The basic idea, that you don't seem to comprehend, is that it's not about the
watch functionality at all. It's about having a 24/7 gizmo on you, with
appropriate sensors to read medical data, movement etc, with enough screen and
size to do a ton of things, from home automation to payments, etc, and
eventually, and with

Here are things a smartwatch already does better or will eventually (as
battery capacities get up to it) do better, with less bulk and faster access
than a smartphone.

24/7 health monitoring Home automation controls Remote control (for tv, hifi,
etc) Wireless Payments Panic button (health issue, crime, rape, whatever
alert) Total phone operation (through voice recognition + wireless headphones)
Navigation Music player (again, wireless headphones + voice/screen control)
Show urgent notifications etc etc... ...tell the time.

It's a form factor common from the past notion of the watch, and
simultaneously perfect for being always on you, always monitoring, small and
non intrusive, and still having a large enough space for screen and battery.
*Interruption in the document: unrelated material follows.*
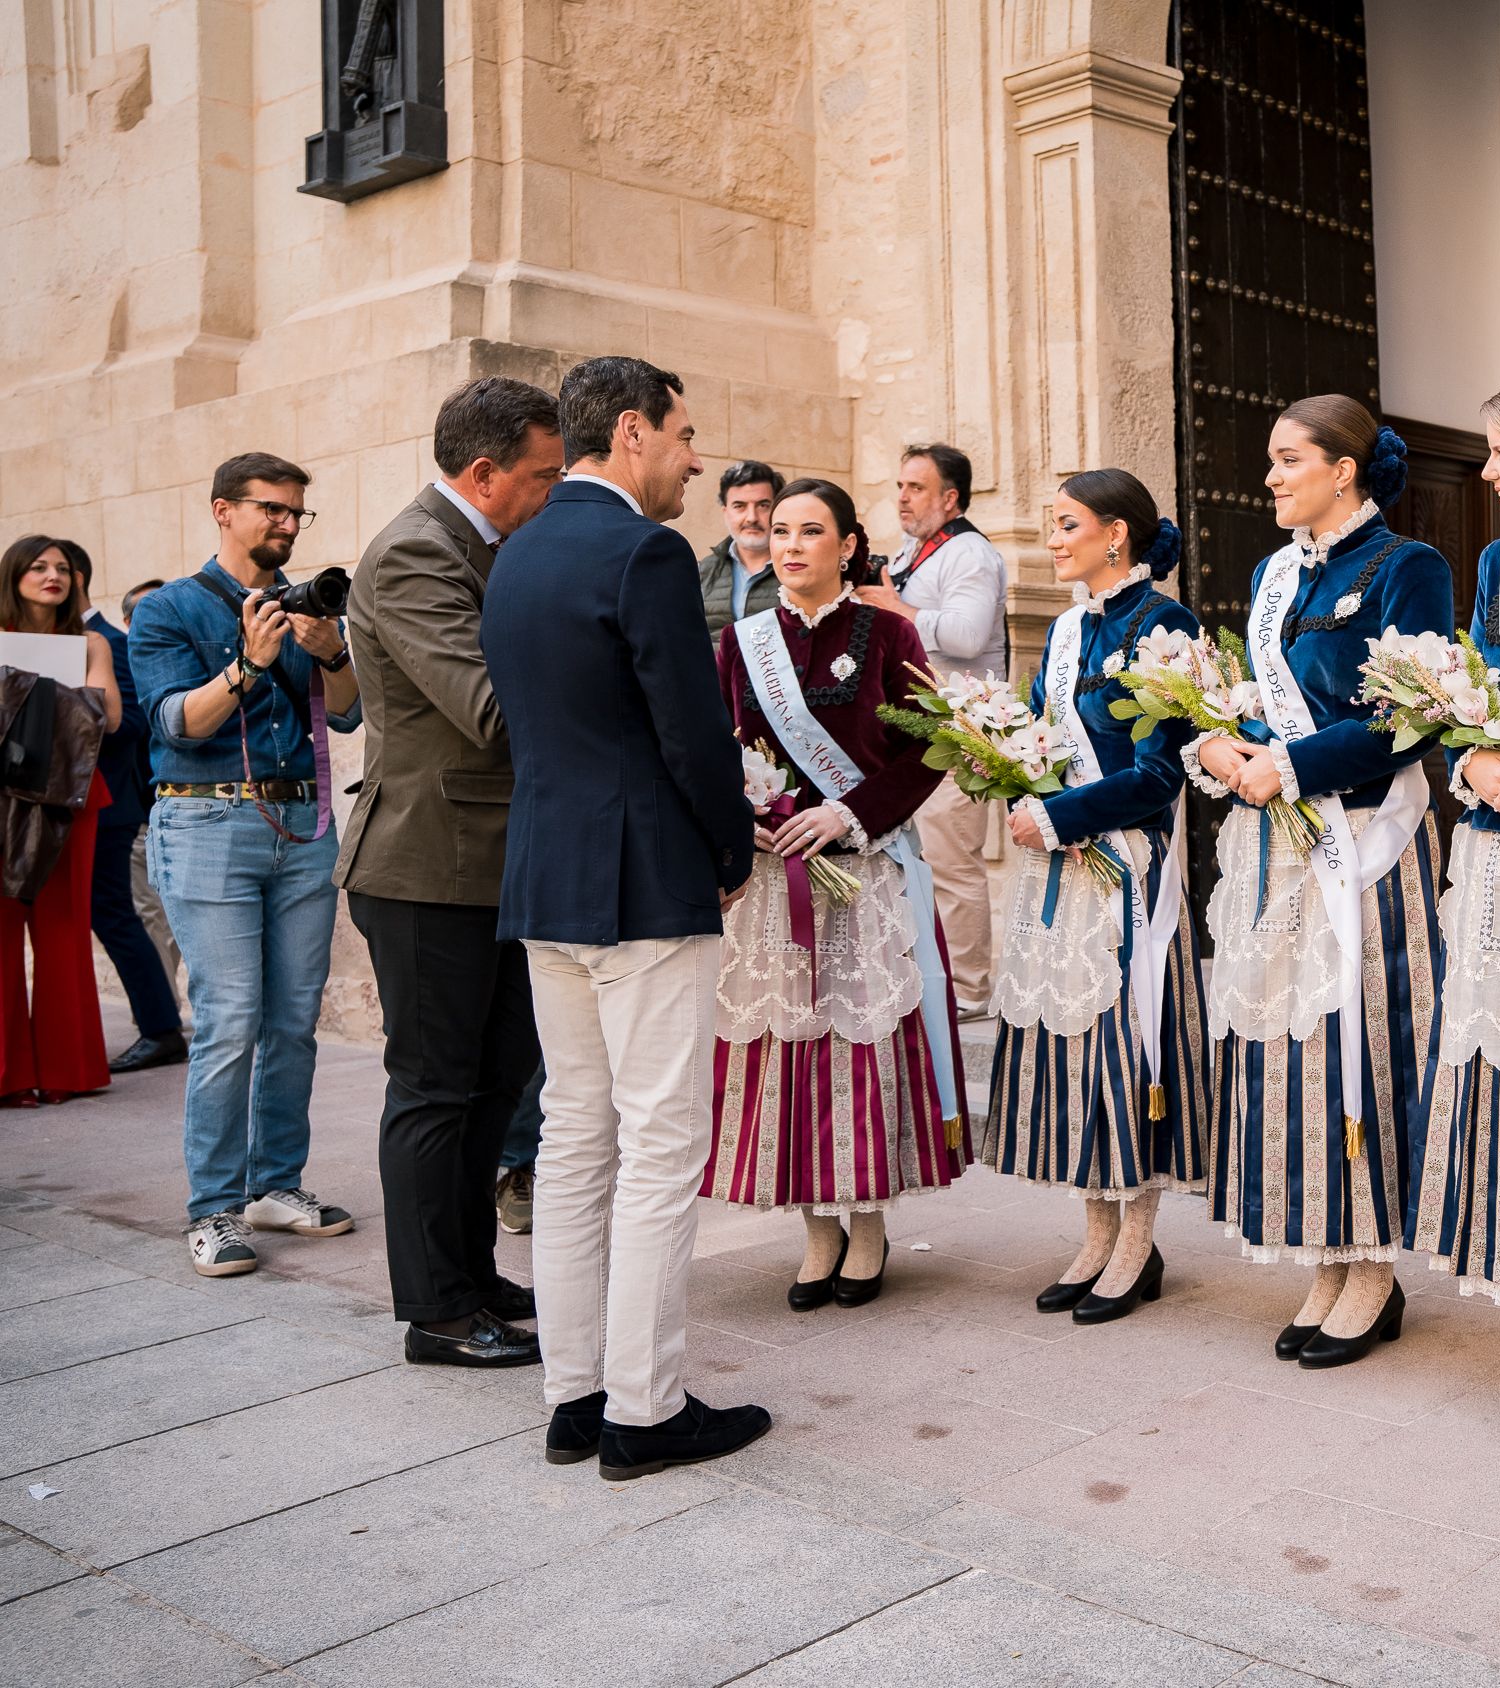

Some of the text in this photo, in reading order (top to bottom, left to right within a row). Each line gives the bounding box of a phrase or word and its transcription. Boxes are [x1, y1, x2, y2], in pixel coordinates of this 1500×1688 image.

[1257, 591, 1283, 652] DAMA
[1056, 662, 1070, 724] DAMA
[1266, 667, 1287, 702] DE
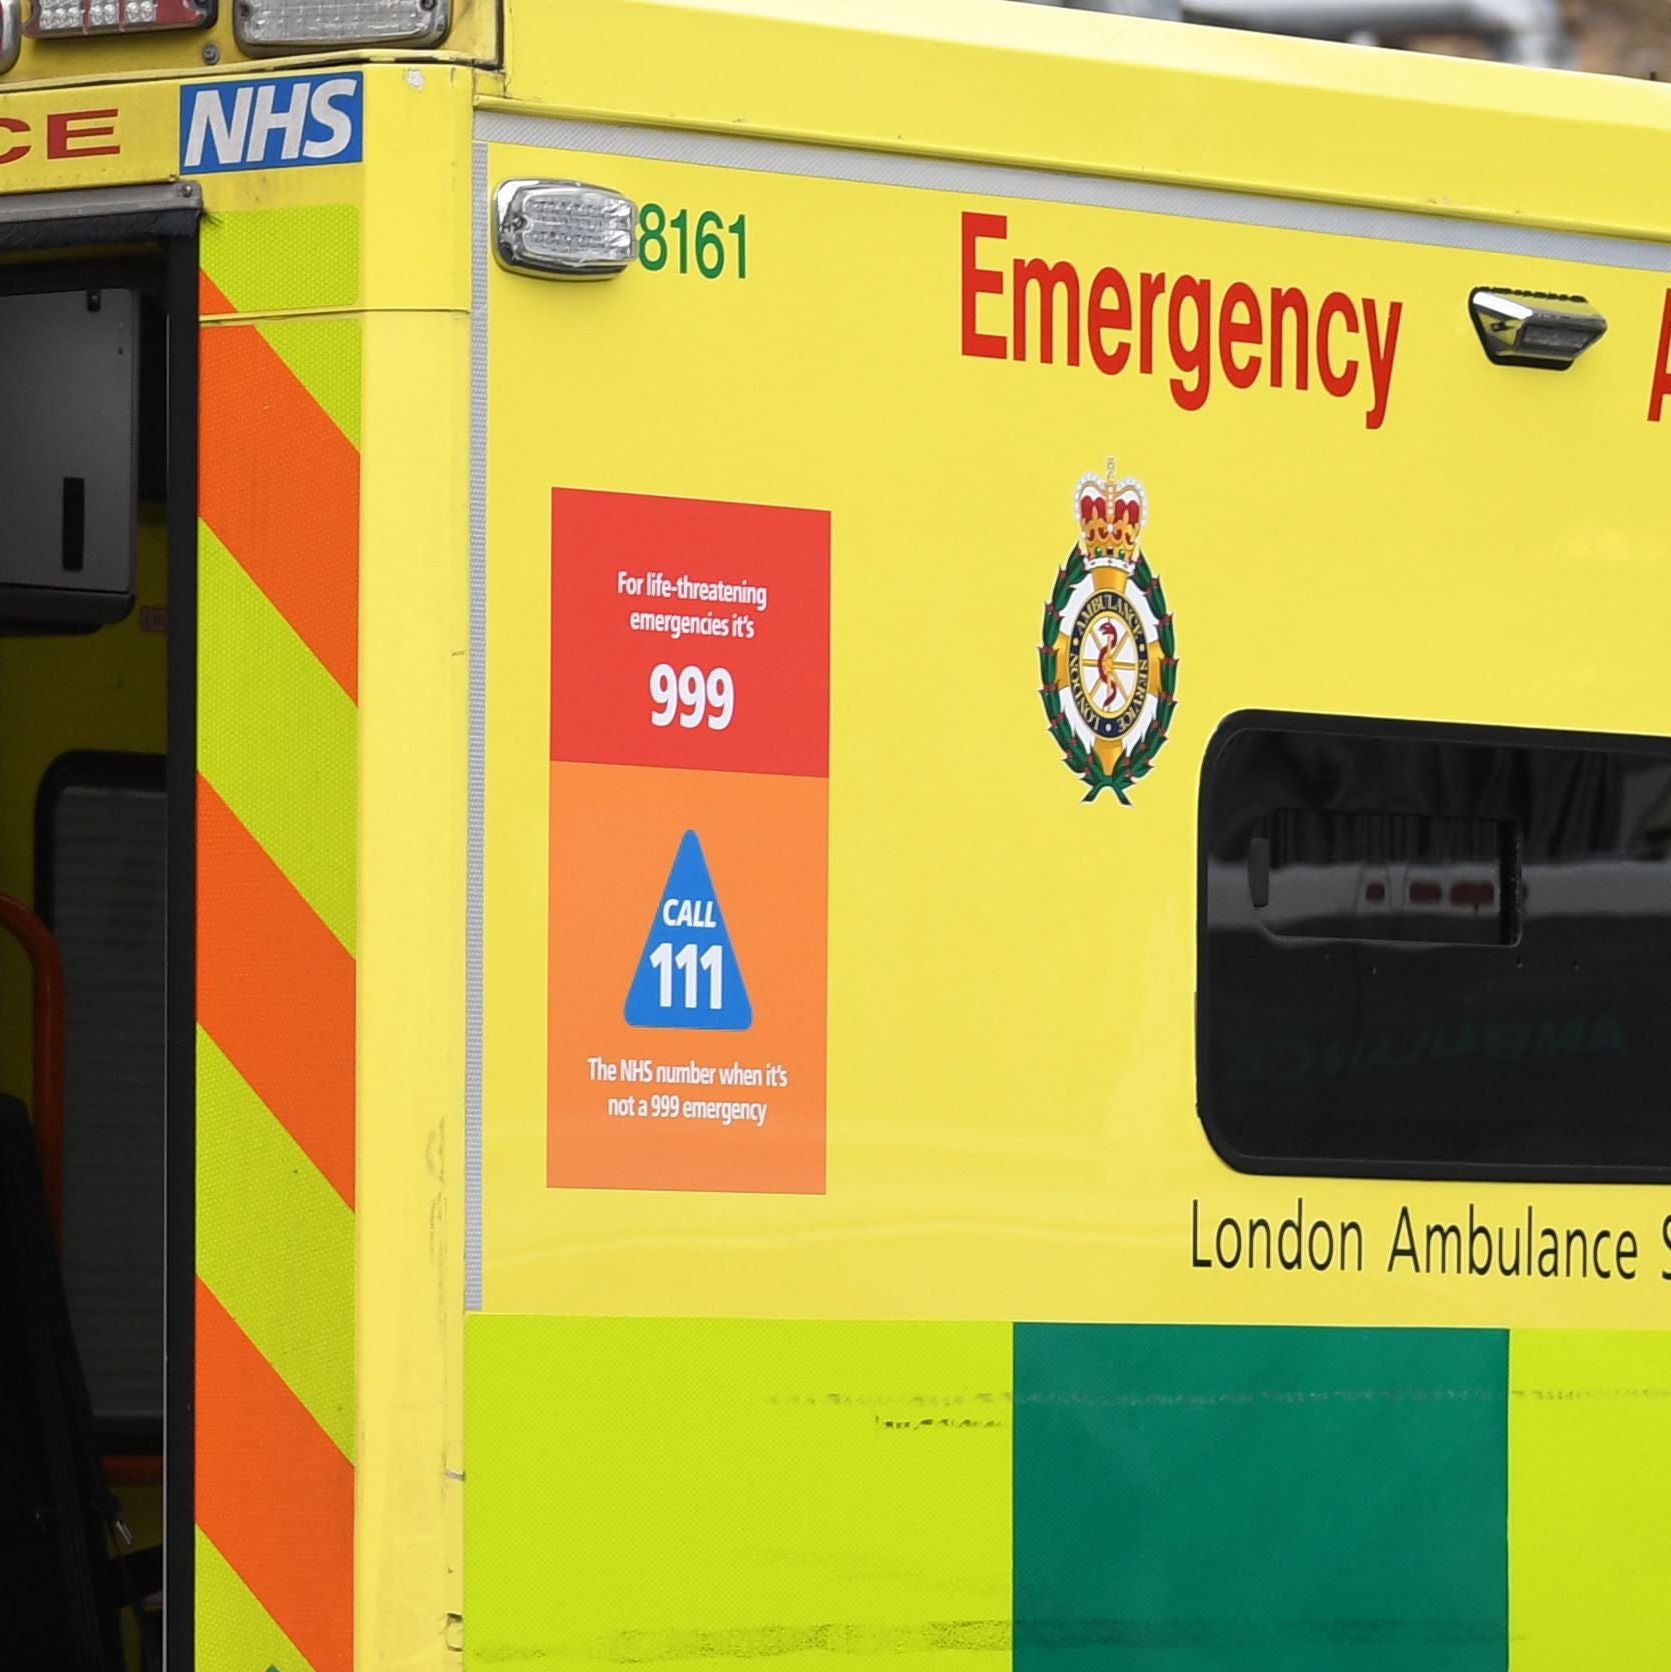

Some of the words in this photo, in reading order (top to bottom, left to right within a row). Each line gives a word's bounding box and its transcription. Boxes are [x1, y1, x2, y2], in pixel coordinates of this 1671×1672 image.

> _It 's okay. You're not an innovator. You're not a visionary. You can't see
> the horizon. You're probably fascinated by shiny objects; trapped in the
> superficial glaze, unable to comprehend the substrate._

It's ok. You're not sophisticated. You're rude. You think in slogans. You
can't see anything beyond an object being shiny or being made by Apple. You're
probably fascinated by your own superficial analysis, and think your use cases
are the measure of everything.

------
codefolder
Just like everywhere else on the internet, there's no shortage of Apple
apologists defending the fall of the consumerist junk paradigm.

------
angry-hacker
So what has Cook done to Apple besides that successful LGBT campaign?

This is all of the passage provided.